**DESCRIPTION OF THE TASK**:
Here the job is to transcribe the data exactly while omitting the images.

**RECORDS FOR THE EXERCISE**:
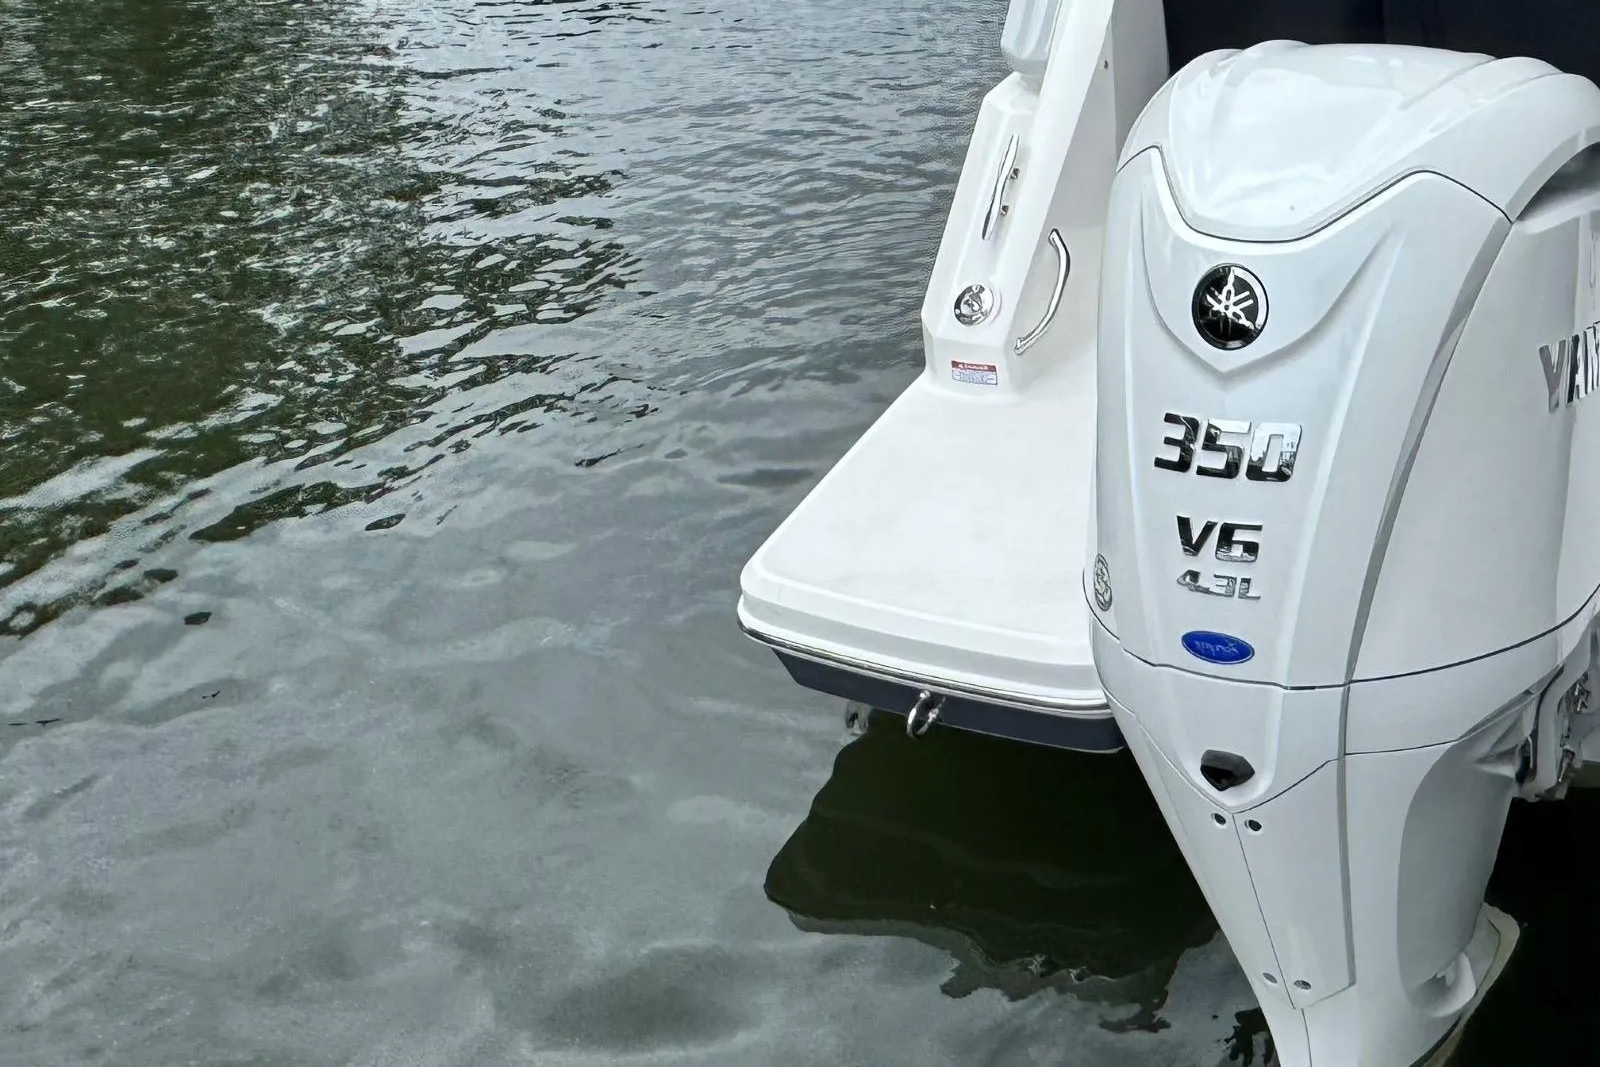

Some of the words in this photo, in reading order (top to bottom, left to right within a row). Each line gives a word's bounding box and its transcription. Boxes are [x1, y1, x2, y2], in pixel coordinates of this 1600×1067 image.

[1154, 412, 1302, 482] 350
[1177, 515, 1263, 562] V6
[1176, 569, 1261, 600] 4.3L
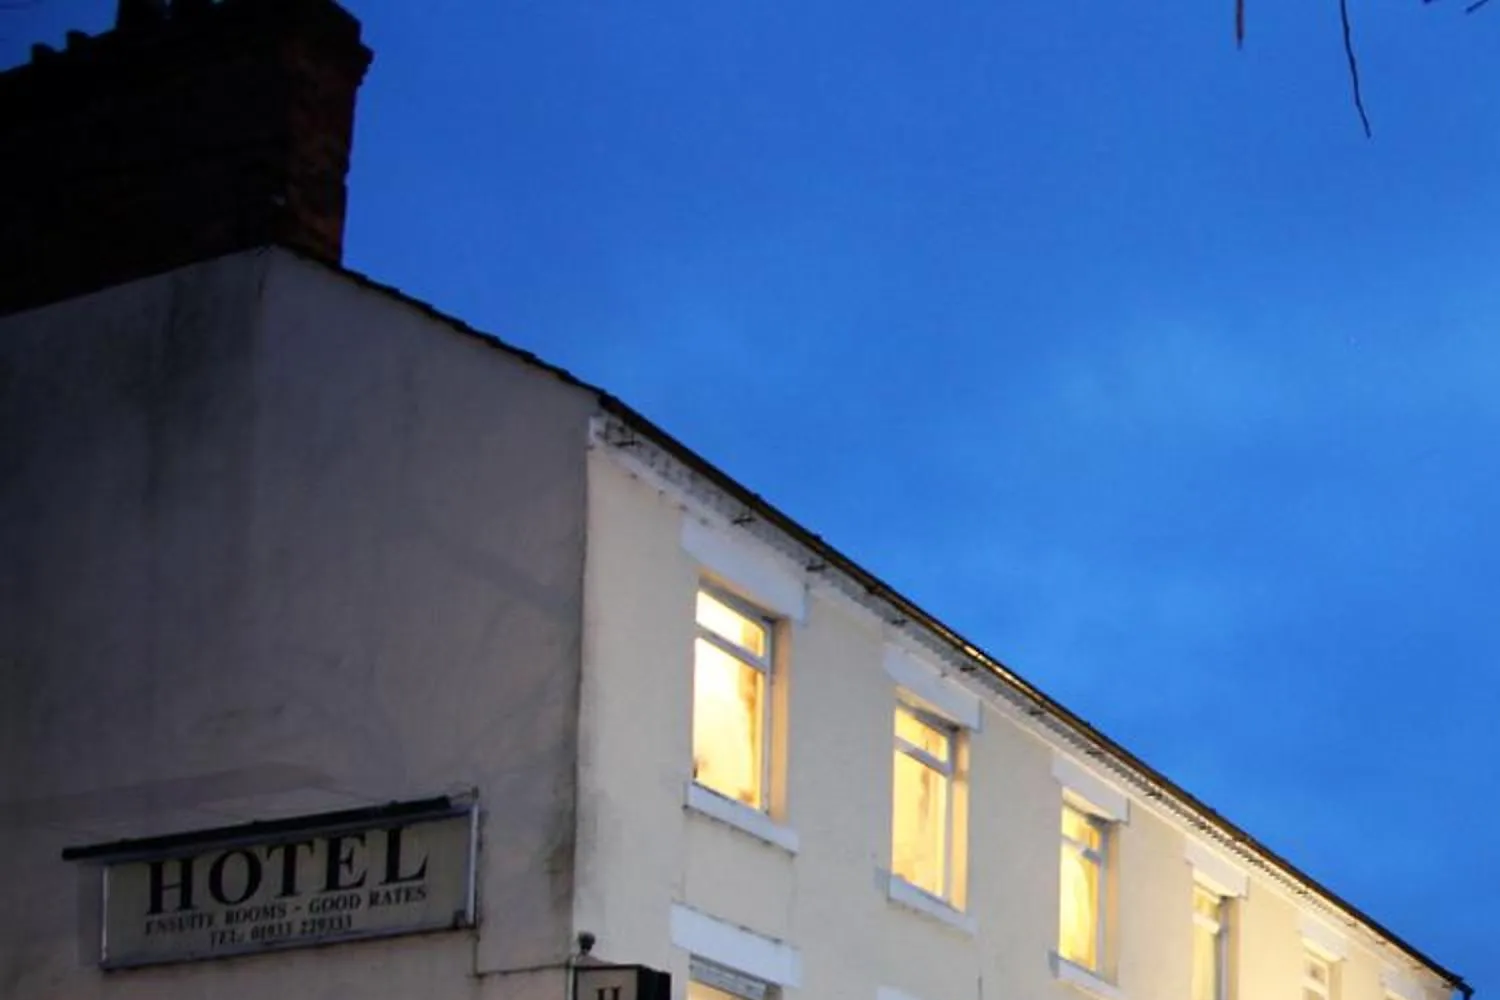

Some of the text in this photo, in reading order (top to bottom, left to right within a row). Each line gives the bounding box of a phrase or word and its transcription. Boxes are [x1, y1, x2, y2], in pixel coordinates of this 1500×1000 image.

[145, 828, 428, 916] HOTEL
[225, 902, 287, 925] ROOMS
[308, 893, 362, 914] GOOD
[369, 885, 428, 908] RATES

**ANSWER BOX**:
Some of the words in this photo, in reading order (top to bottom, left to right within a row). Each line gives a word's bounding box and its transcription. Boxes are [x1, y1, x2, y2], in pixel coordinates of this 1600×1067 image.

[1154, 412, 1302, 482] 350
[1177, 515, 1263, 562] V6
[1176, 569, 1261, 600] 4.3L

Some of the text in this photo, in reading order (top to bottom, left to right within a row). Each line gives the bounding box of a phrase or word and its transcription. Boxes are [x1, y1, x2, y2], in pixel coordinates of this 1500×1000 image.

[145, 828, 428, 916] HOTEL
[225, 902, 287, 925] ROOMS
[308, 893, 362, 914] GOOD
[369, 885, 428, 908] RATES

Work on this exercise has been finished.